Não contem connosco para consensos que visem atacar os trabalhadores e sejam contra o país!

O consenso que se impõe e generaliza é o da responsabilização dos que derreteram milhões na especulação e que ao invés de serem julgados, são brindados com mais dinheiro para salvarem os seus bancos, os seus lucros e os seus privilégios! O consenso que se impõe e generaliza é o da responsabilização dos que estando à frente das empresas públicas, celebraram contratos de financiamentos ruinosos com as chamadas swaps, bem como os ministros dos vários Governos que lhes deram cobertura!

Haja vergonha! Faça-se justiça!

Num momento em que os trabalhadores e o povo estão a ser sujeitos a um empobrecimento brutal, é inadmissível que não sejam tomadas medidas para reaver os mais de 14 mil milhões de euros das dívidas fiscais, sendo que metade deste valor não recuperado por falta de pessoal.

É mentira que a Administração Pública tenha trabalhadores a mais! O número de trabalhadores da função pública em Portugal é inferior á média da U.E.!

Rejeitamos os despedimentos de trabalhadores da Administração Pública, o aumento do contingente de desempregados e o prosseguimento da degradação dos serviços prestados às populações, transformando em negócio direitos civilizacionais e constitucionais!

Dizem que o que alcançámos com o SNS não é comportável, preparando-se para novos cortes, o que, na prática, significaria que, entre outros, os níveis de mortalidade infantil voltariam a subir. Quem o diz sabe que não serão os seus filhos ou seus netos, os que contribuiriam para essa subida!

Dizem que a protecção social que temos é demasiado generosa, porque sabem que não serão eles nem os seus a sobreviver com pensões de miséria, a ficar sem quaisquer rendimentos perante o desemprego que nunca os atinge!

Dizem que a educação é cara e que há que cortar, porque querem negar aos filhos dos trabalhadores o direito à Educação Pública Querem uma escola para os pobres, para formar mão-de-obra barata e descartável e uma escola de elites! É de uma questão de classe que se trata!

O nível de degradação a que esta política nos conduz é gigantesco. O encerramento de Serviços Públicos, nomeadamente de Juntas de Freguesia e Estações de Correios, é acompanhado por uma sobrecarga incomportável do IRS, ao mesmo tempo que pagamos mais por tudo, da electricidade à água, da habitação às SCUT’s, da educação à saúde!

O país não aguenta mais austeridade!

A CGTP-IN, fiel e só dependente dos interesses e vontade de quem representa – os trabalhadores – assume o compromisso de rejeitar e combater todas e quaisquer tentativas de enfraquecimento dos serviços públicos e das funções sociais do Estado.

Por isso, exigimos a mudança de política e de Governo!

Este é o Governo do Presidente da República mas não é o Governo da esmagadora maioria dos que vivem e trabalham em Portugal.

Outra política não só é possível, como necessária!

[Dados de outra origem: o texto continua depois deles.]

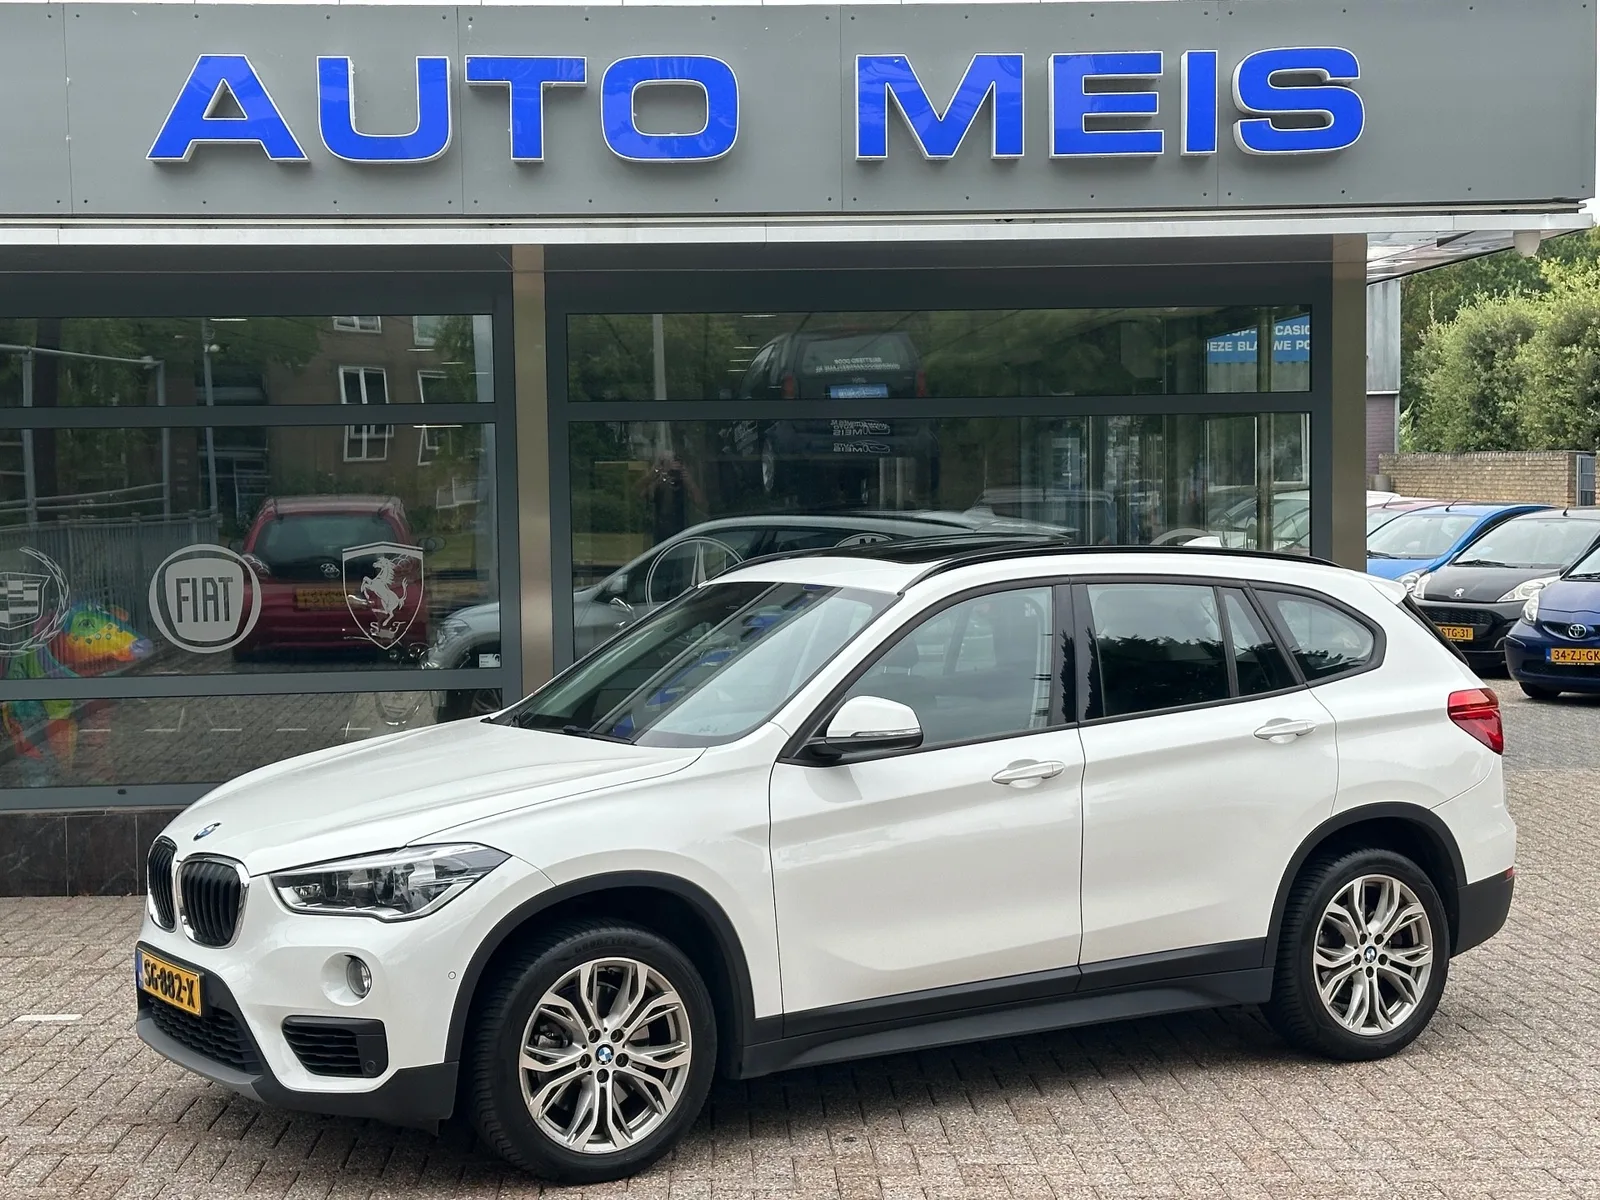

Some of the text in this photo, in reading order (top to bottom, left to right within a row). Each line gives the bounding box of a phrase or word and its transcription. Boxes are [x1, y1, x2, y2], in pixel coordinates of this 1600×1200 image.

Há alternativa, é preciso ampliar e intensificar a luta para abrir caminho à sua concretização.

Exigimos que o Governo responsabilize os accionistas do BPN e que da SLN\Galilei para ressarcir o Estado por verbas que podem ascender a valores equivalentes ao orçamento anual da educação!

Exigimos a implementação de uma contribuição extraordinária sobre os lucros das grandes empresas que não são reinvestidos, que se taxem as transacções financeiras e os dividendos distribuídos aos grandes accionistas e se promova um combate sério à fraude e evasão fiscal.

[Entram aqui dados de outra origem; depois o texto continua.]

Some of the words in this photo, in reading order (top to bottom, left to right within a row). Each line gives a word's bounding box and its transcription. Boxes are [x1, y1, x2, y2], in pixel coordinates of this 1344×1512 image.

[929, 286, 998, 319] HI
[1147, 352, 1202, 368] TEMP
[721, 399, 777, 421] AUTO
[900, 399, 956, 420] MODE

O Governo não pode continuar a negligenciar os mais de 5 mil milhões de euros que estas medidas representam e afirmar que não podemos continuar com os níveis de protecção e direitos sociais, porque não há dinheiro para os pagar, fazendo tábua rasa das garantias constitucionais.

É preciso reduzir na despesa parasitária nos juros da dívida que absorvem por ano verbas que se aproximam da totalidade do que se investe na saúde!

É preciso cortar nos benefícios fiscais ao sector financeiro, acabar com os paraísos fiscais e com os lucros garantidos nas PPP’s!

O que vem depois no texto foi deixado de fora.